## RECORD EXCERPTS
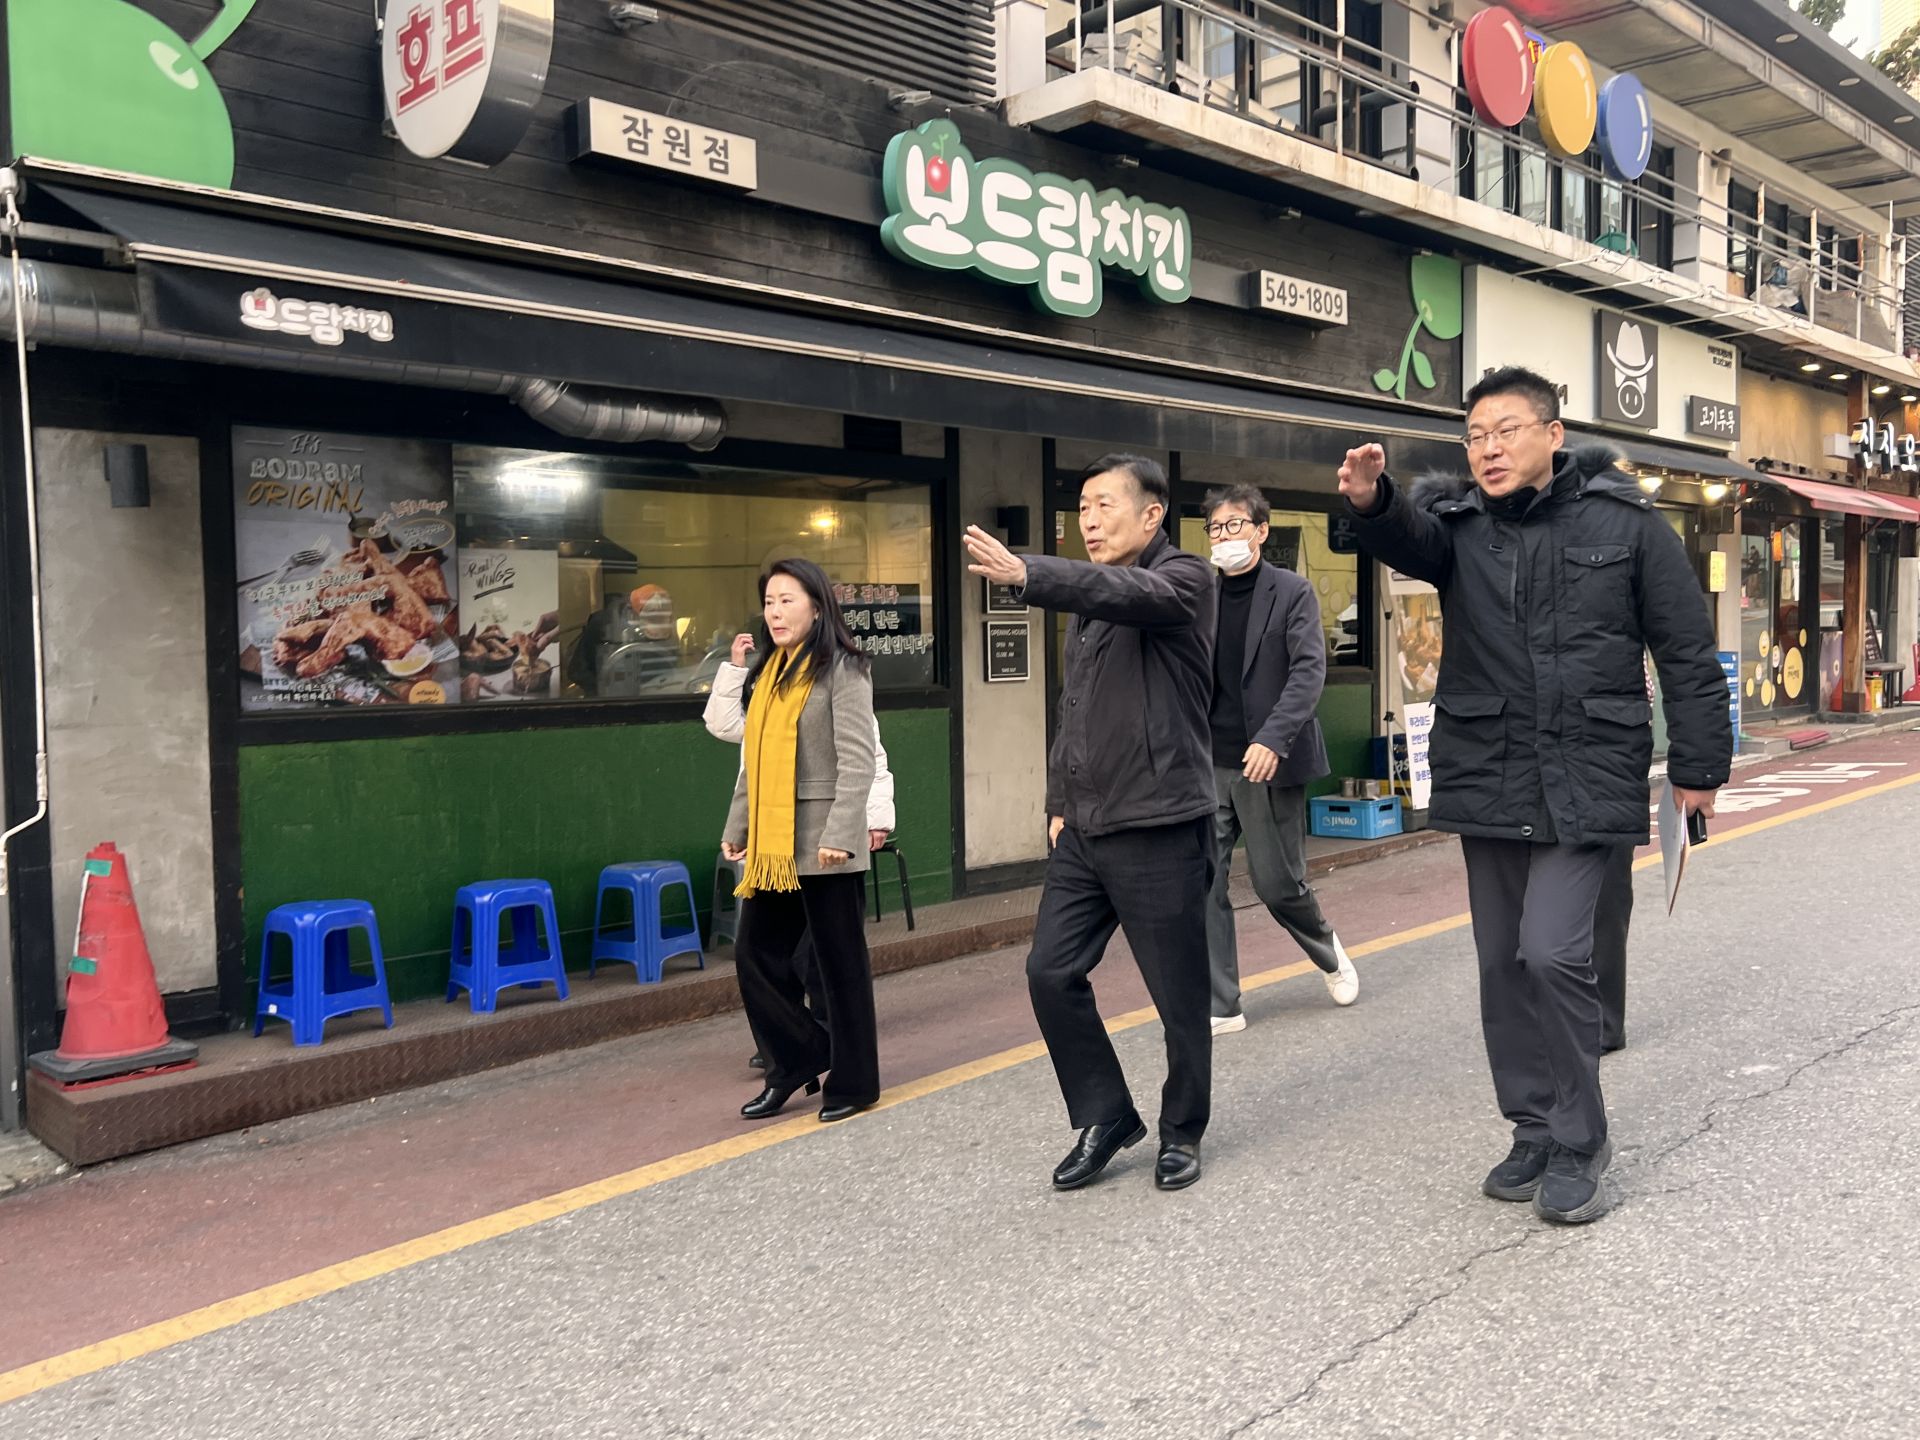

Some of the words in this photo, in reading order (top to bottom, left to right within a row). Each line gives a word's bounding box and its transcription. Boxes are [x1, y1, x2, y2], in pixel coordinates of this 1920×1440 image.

[396, 0, 487, 116] 호프
[620, 113, 732, 176] 잠원점
[899, 140, 1189, 306] 보드람치킨
[1264, 277, 1345, 319] 549-1809
[240, 290, 394, 345] 보드람치킨
[1699, 405, 1736, 434] 고기두목
[289, 432, 323, 455] It's
[246, 480, 365, 514] ORIGINAL
[476, 560, 516, 588] WINGS
[873, 610, 901, 630] 만든
[1331, 815, 1358, 826] JINRO

## TASK ITEM
Line by line, write out the material above exactly, with no images.

## TASK RESULT
Some of the words in this photo, in reading order (top to bottom, left to right within a row). Each line gives a word's bounding box and its transcription. Boxes are [x1, y1, x2, y2], in pixel coordinates of this 1920×1440 image.

[396, 0, 487, 116] 호프
[620, 113, 732, 176] 잠원점
[899, 140, 1189, 306] 보드람치킨
[1264, 277, 1345, 319] 549-1809
[240, 290, 394, 345] 보드람치킨
[1699, 405, 1736, 434] 고기두목
[289, 432, 323, 455] It's
[246, 480, 365, 514] ORIGINAL
[476, 560, 516, 588] WINGS
[873, 610, 901, 630] 만든
[1331, 815, 1358, 826] JINRO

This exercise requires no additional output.